<<<<
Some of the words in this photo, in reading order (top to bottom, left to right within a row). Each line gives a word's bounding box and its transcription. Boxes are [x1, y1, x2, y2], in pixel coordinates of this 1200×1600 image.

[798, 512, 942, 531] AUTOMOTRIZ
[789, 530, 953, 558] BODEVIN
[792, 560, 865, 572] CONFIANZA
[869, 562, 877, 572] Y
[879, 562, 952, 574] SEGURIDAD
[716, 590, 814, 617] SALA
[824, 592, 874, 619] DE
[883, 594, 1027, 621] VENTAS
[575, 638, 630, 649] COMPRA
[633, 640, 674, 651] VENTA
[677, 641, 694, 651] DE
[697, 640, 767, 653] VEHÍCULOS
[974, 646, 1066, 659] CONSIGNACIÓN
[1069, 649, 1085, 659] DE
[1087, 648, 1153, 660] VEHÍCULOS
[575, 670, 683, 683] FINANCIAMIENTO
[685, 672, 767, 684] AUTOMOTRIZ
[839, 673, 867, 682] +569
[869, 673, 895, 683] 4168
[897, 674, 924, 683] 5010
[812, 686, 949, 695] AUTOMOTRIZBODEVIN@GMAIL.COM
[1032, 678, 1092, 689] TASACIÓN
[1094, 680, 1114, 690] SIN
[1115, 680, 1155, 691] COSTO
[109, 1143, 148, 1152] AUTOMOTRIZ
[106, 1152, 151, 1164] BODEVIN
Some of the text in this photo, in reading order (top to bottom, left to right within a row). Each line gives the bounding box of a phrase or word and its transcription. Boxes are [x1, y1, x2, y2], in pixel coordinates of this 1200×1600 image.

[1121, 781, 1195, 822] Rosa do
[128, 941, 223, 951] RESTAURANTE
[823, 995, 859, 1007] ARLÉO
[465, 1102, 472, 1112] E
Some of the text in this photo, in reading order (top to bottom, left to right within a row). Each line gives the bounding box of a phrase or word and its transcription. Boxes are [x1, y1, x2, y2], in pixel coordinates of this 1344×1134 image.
>>>>
▶ **What you will do**: The listing is to be retyped in full, exactly as shown.

▶ **Solution below**:
Some of the words in this photo, in reading order (top to bottom, left to right within a row). Each line gives a word's bounding box and its transcription. Boxes are [x1, y1, x2, y2], in pixel coordinates of this 1200×1600 image.

[798, 512, 942, 531] AUTOMOTRIZ
[789, 530, 953, 558] BODEVIN
[792, 560, 865, 572] CONFIANZA
[869, 562, 877, 572] Y
[879, 562, 952, 574] SEGURIDAD
[716, 590, 814, 617] SALA
[824, 592, 874, 619] DE
[883, 594, 1027, 621] VENTAS
[575, 638, 630, 649] COMPRA
[633, 640, 674, 651] VENTA
[677, 641, 694, 651] DE
[697, 640, 767, 653] VEHÍCULOS
[974, 646, 1066, 659] CONSIGNACIÓN
[1069, 649, 1085, 659] DE
[1087, 648, 1153, 660] VEHÍCULOS
[575, 670, 683, 683] FINANCIAMIENTO
[685, 672, 767, 684] AUTOMOTRIZ
[839, 673, 867, 682] +569
[869, 673, 895, 683] 4168
[897, 674, 924, 683] 5010
[812, 686, 949, 695] AUTOMOTRIZBODEVIN@GMAIL.COM
[1032, 678, 1092, 689] TASACIÓN
[1094, 680, 1114, 690] SIN
[1115, 680, 1155, 691] COSTO
[109, 1143, 148, 1152] AUTOMOTRIZ
[106, 1152, 151, 1164] BODEVIN
Some of the text in this photo, in reading order (top to bottom, left to right within a row). Each line gives the bounding box of a phrase or word and its transcription. Boxes are [x1, y1, x2, y2], in pixel coordinates of this 1200×1600 image.

[1121, 781, 1195, 822] Rosa do
[128, 941, 223, 951] RESTAURANTE
[823, 995, 859, 1007] ARLÉO
[465, 1102, 472, 1112] E
Some of the text in this photo, in reading order (top to bottom, left to right within a row). Each line gives the bounding box of a phrase or word and its transcription. Boxes are [x1, y1, x2, y2], in pixel coordinates of this 1344×1134 image.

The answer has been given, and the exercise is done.